In the preferred embodiment, all of the code blocks have roughly the same rectangular size, regardless of the frequency band to which they belong, and this size is approximately in the range 32xc3x9732 to 64xc3x9764, where the smaller end of this size range is generally preferred. Also, in the preferred embodiment, the block partitioning operation is implemented incrementally, generating new code blocks and sending them to the block coding system as the relevant frequency band samples become available.
In certain embodiments of the invention the method may be applied to colour image compression in an opponent colour representation, in which case distortion from the chrominance channels is scaled differently to the distortion from the luminance channels prior to the application of the rate-distortion optimisation procedure. In such embodiments, the distortion measure is preferably modified to account for masking of chrominance artefacts by activity in the luminance channel. Preferably also, the distortion measure is modified to account for cross-channel masking between chrominance channels in these embodiments.
According to a second aspect the present invention consists in a method of decompressing a digital image from a compressed bit stream created by the method set out above, the decompression method including the steps of:
a) Unpacking the layered compressed bit-stream to recover the truncated embedded bit-streams corresponding to each code-block.
b) Decoding and assembling the code-blocks into a set of frequency bands.
c) Synthesising a reconstructed image from the frequency bands through the inverse transform.
Preferably in the decoding method, the blocks are decoded on demand, as the relevant frequency band samples are requested by the inverse transform. Preferably also, the synthesis operation proceeds incrementally, requesting frequency samples and using them to synthesise new image samples, as those image samples are requested by the application.

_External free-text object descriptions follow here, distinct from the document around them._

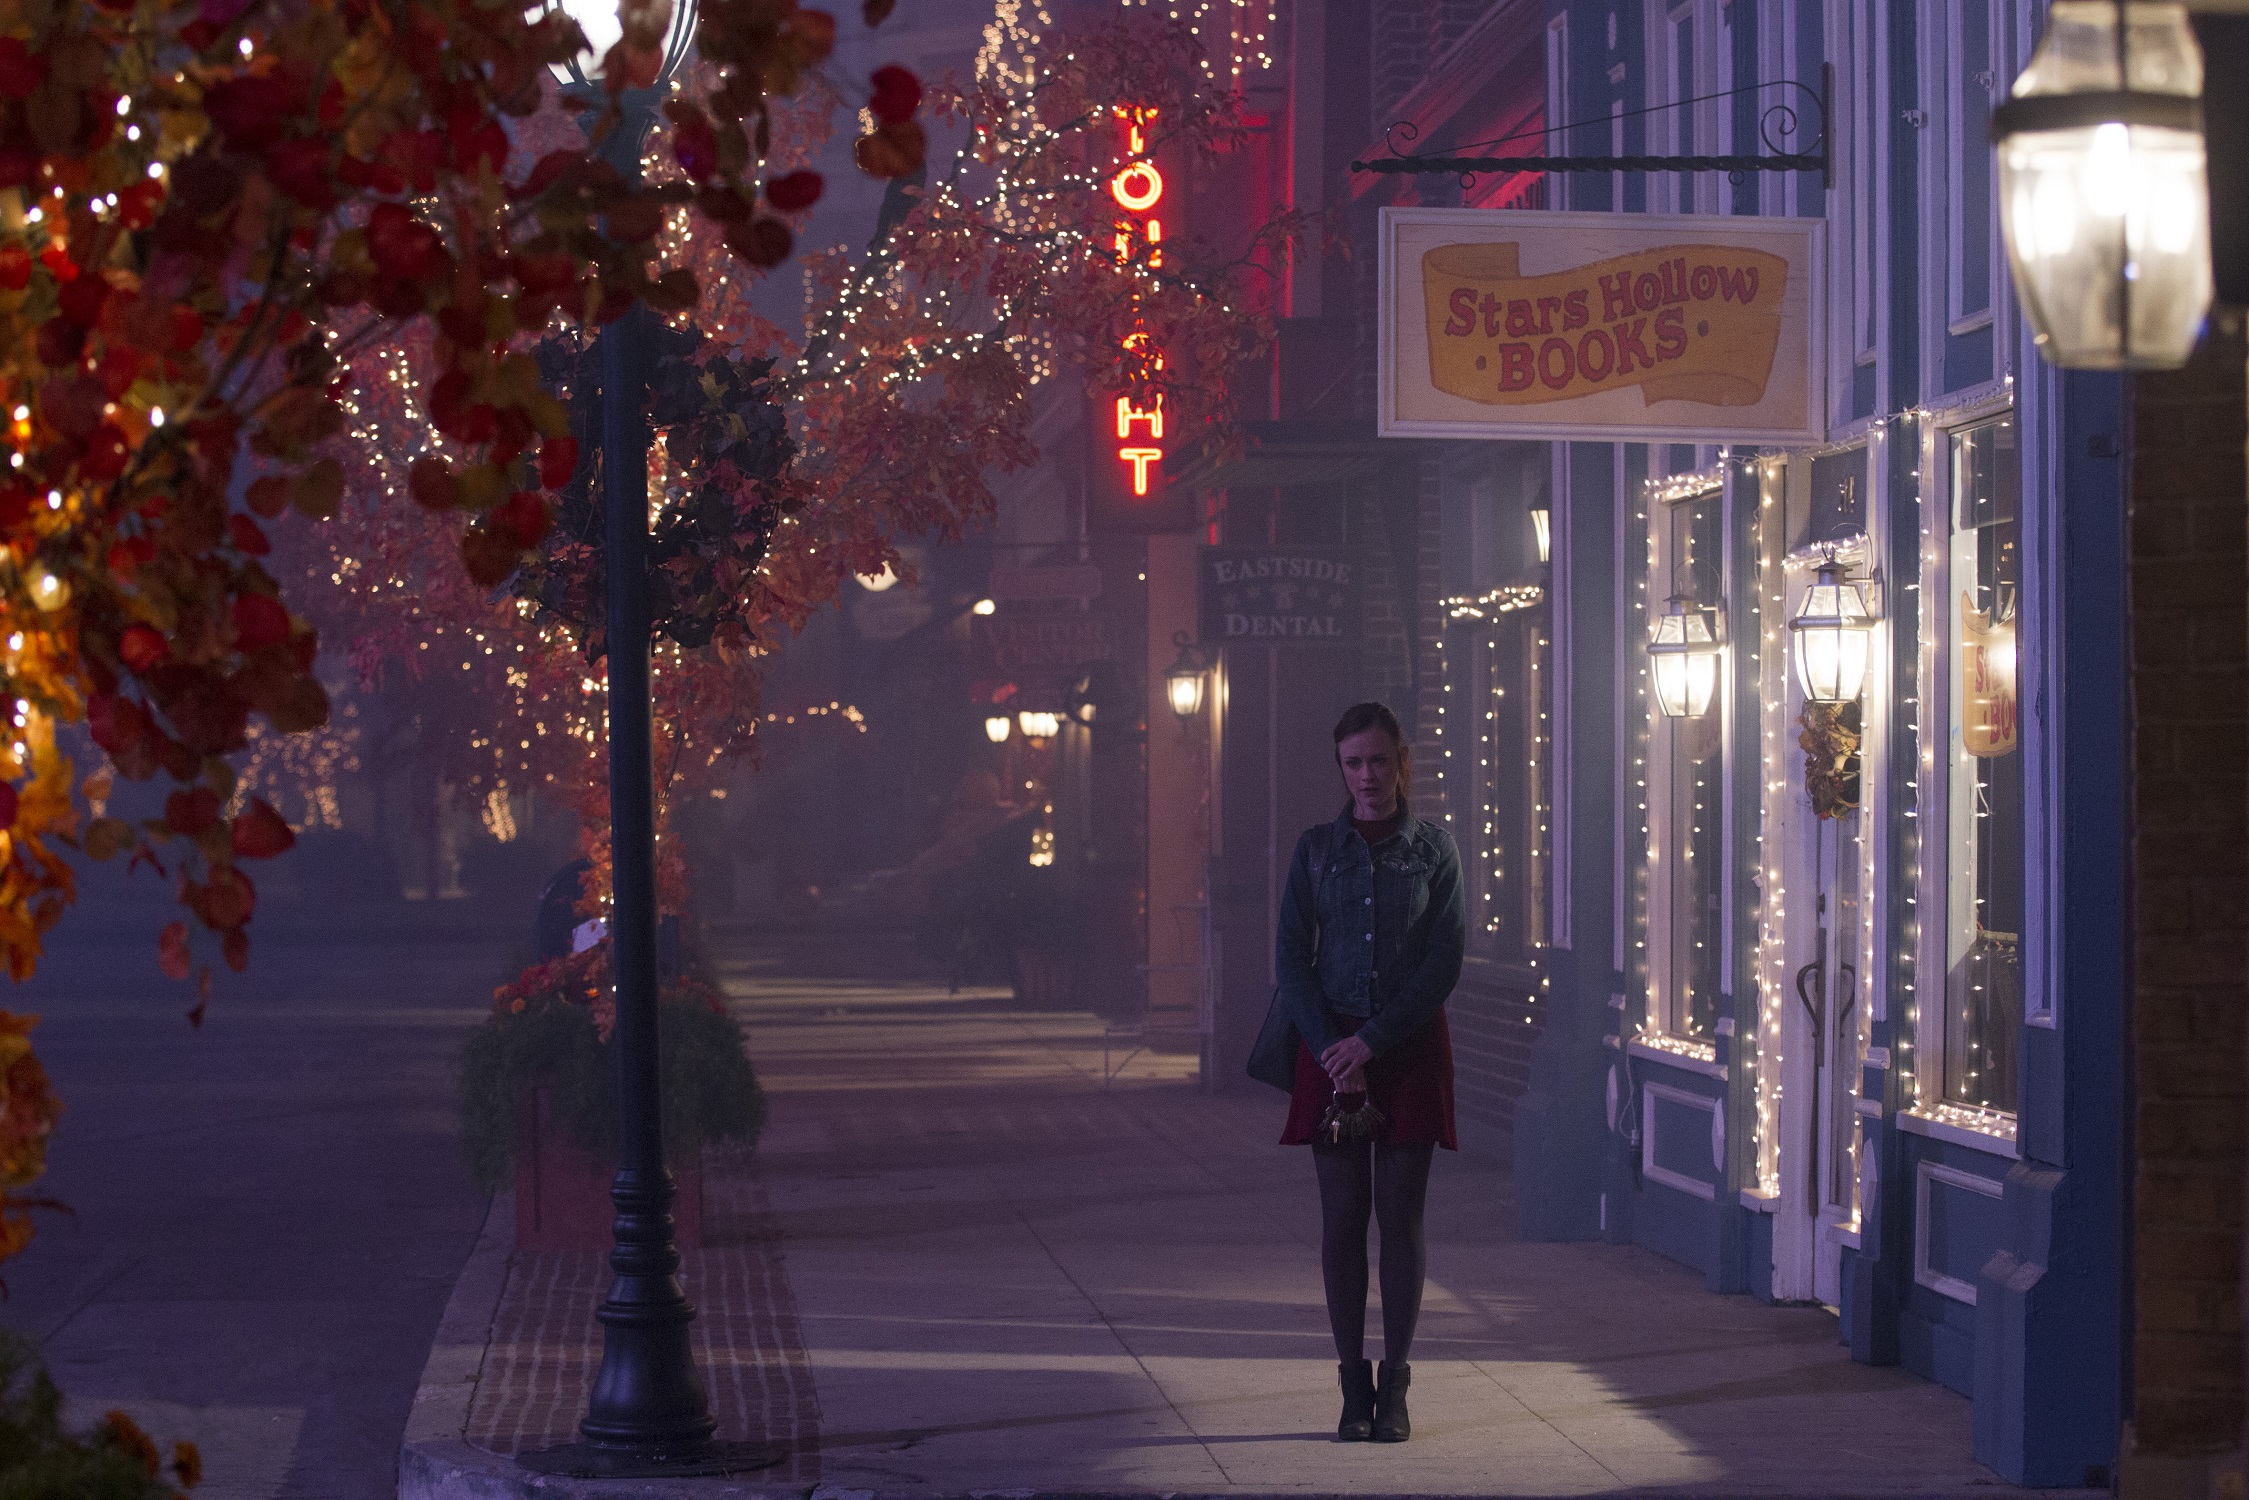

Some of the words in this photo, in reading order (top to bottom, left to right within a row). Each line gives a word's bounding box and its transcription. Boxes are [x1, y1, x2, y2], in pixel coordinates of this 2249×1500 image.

[1444, 287, 1590, 338] Stars
[1598, 257, 1760, 323] Hollow
[1497, 306, 1690, 392] BOOKS
[1212, 556, 1352, 585] EASTSIDE
[1224, 613, 1343, 636] DENTAL
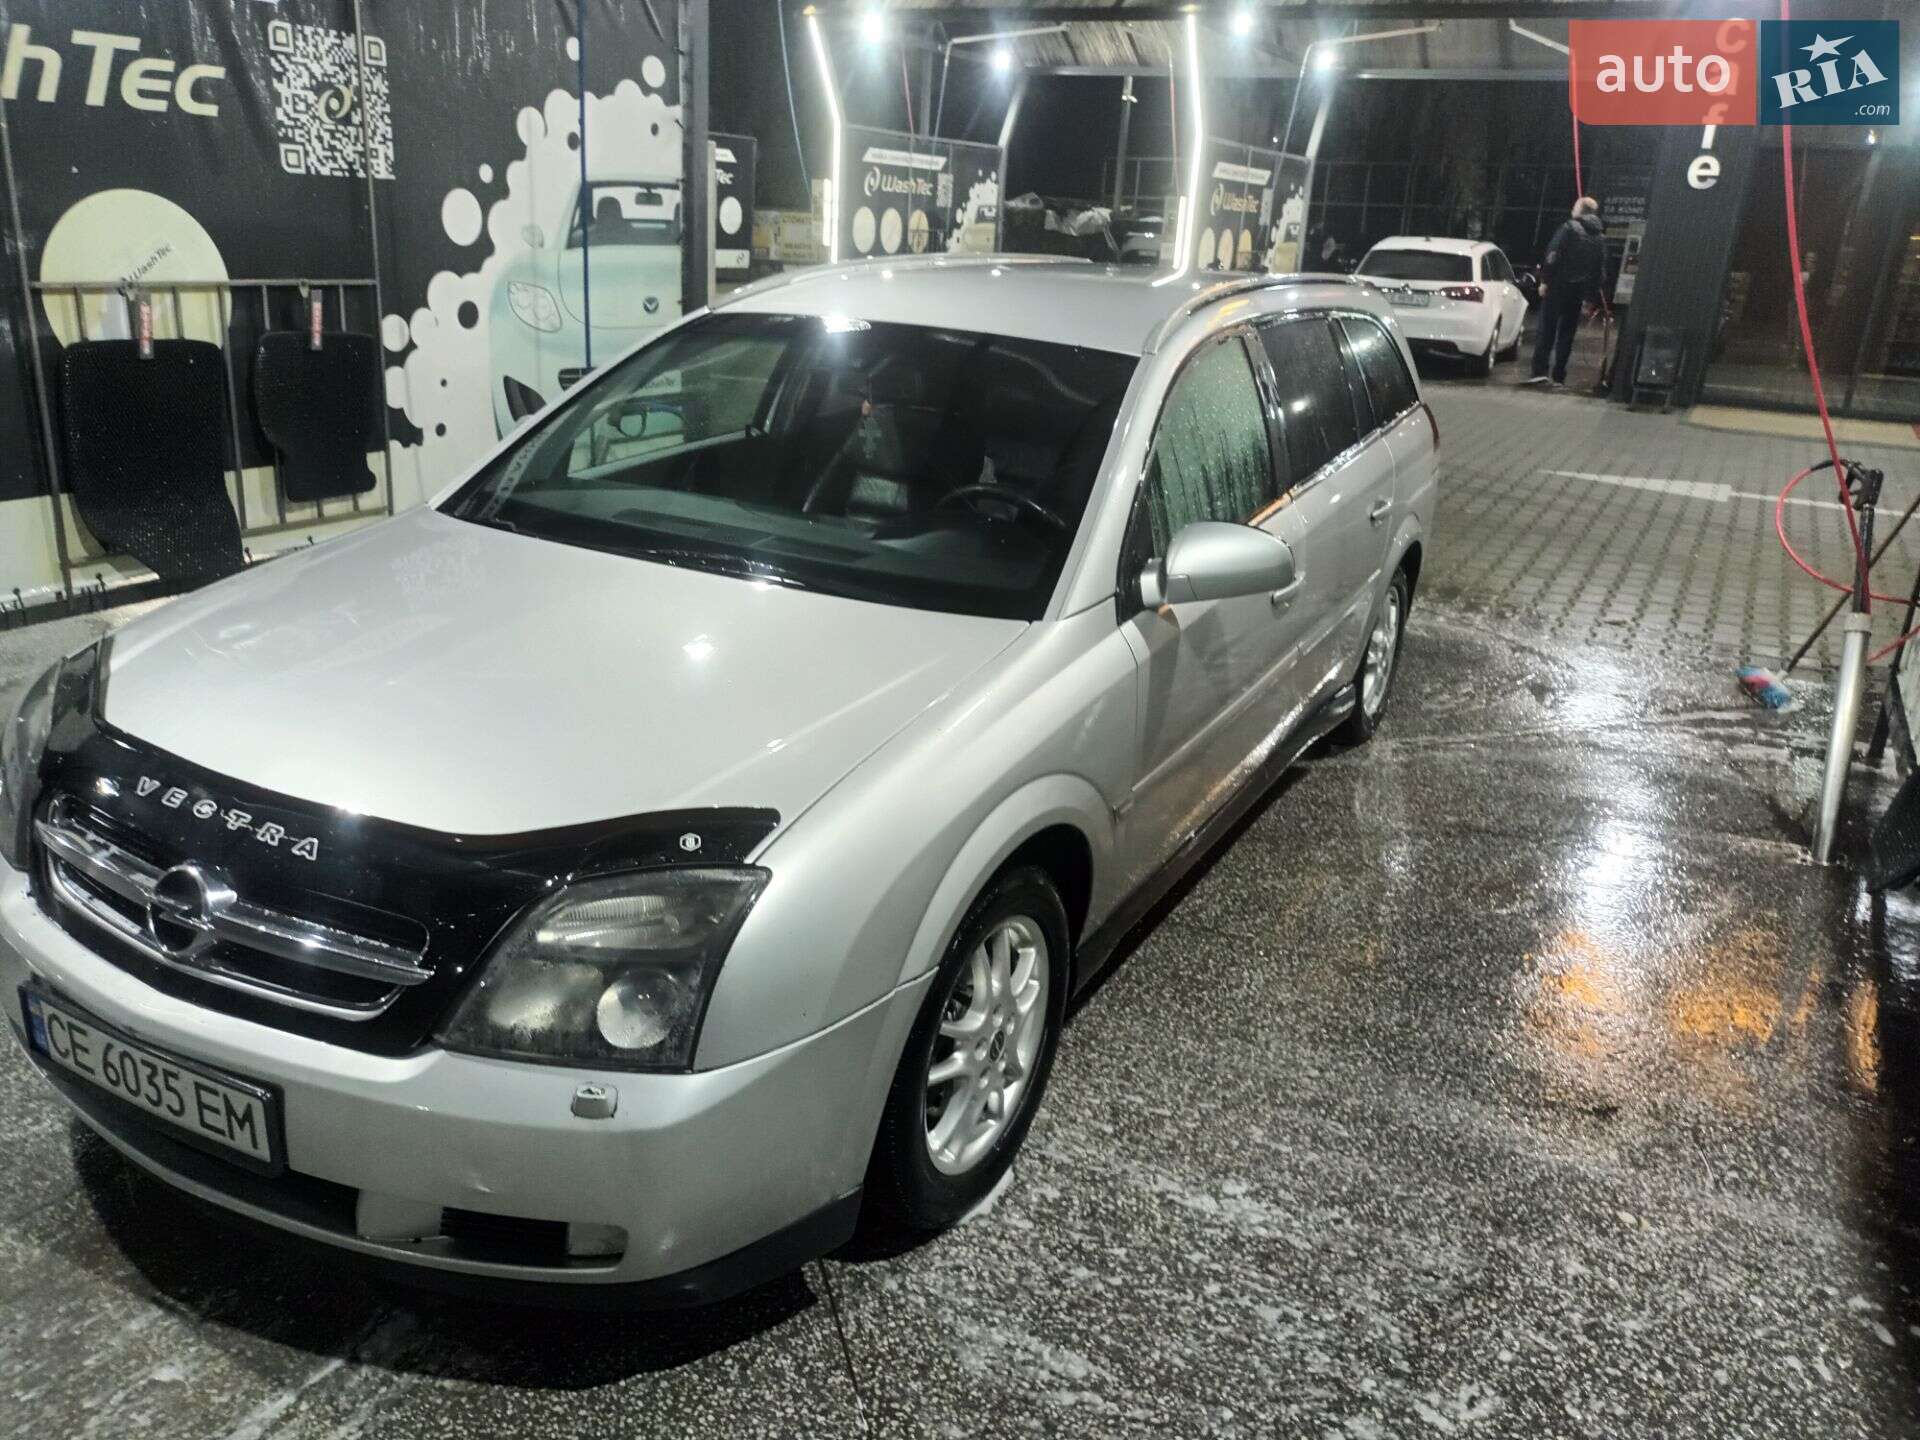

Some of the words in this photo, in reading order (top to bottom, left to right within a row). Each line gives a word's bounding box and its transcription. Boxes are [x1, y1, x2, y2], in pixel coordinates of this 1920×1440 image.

[881, 173, 933, 195] WashTec
[136, 775, 320, 861] VECTRA
[46, 1012, 96, 1077] CE
[102, 1040, 186, 1118] 6035
[194, 1081, 260, 1151] EM

In various embodiments of the invention, the transform may be a Wavelet transform a Wavelet packet transform, a Discrete Cosine Transform, or any number of other space-frequency transforms which will be familiar to those skilled in the art. In the preferred embodiment of the invention, a Wavelet transform is used, having the well-known Mallat decomposition structure. Also, in the preferred embodiment, the transform is implemented incrementally, producing new frequency band samples whenever new image samples become available, so as to minimise the amount of image or frequency band samples which must be buffered in working memory. Either or both systems may be physically implemented either in hardware or as a general purpose processor executing software instructions.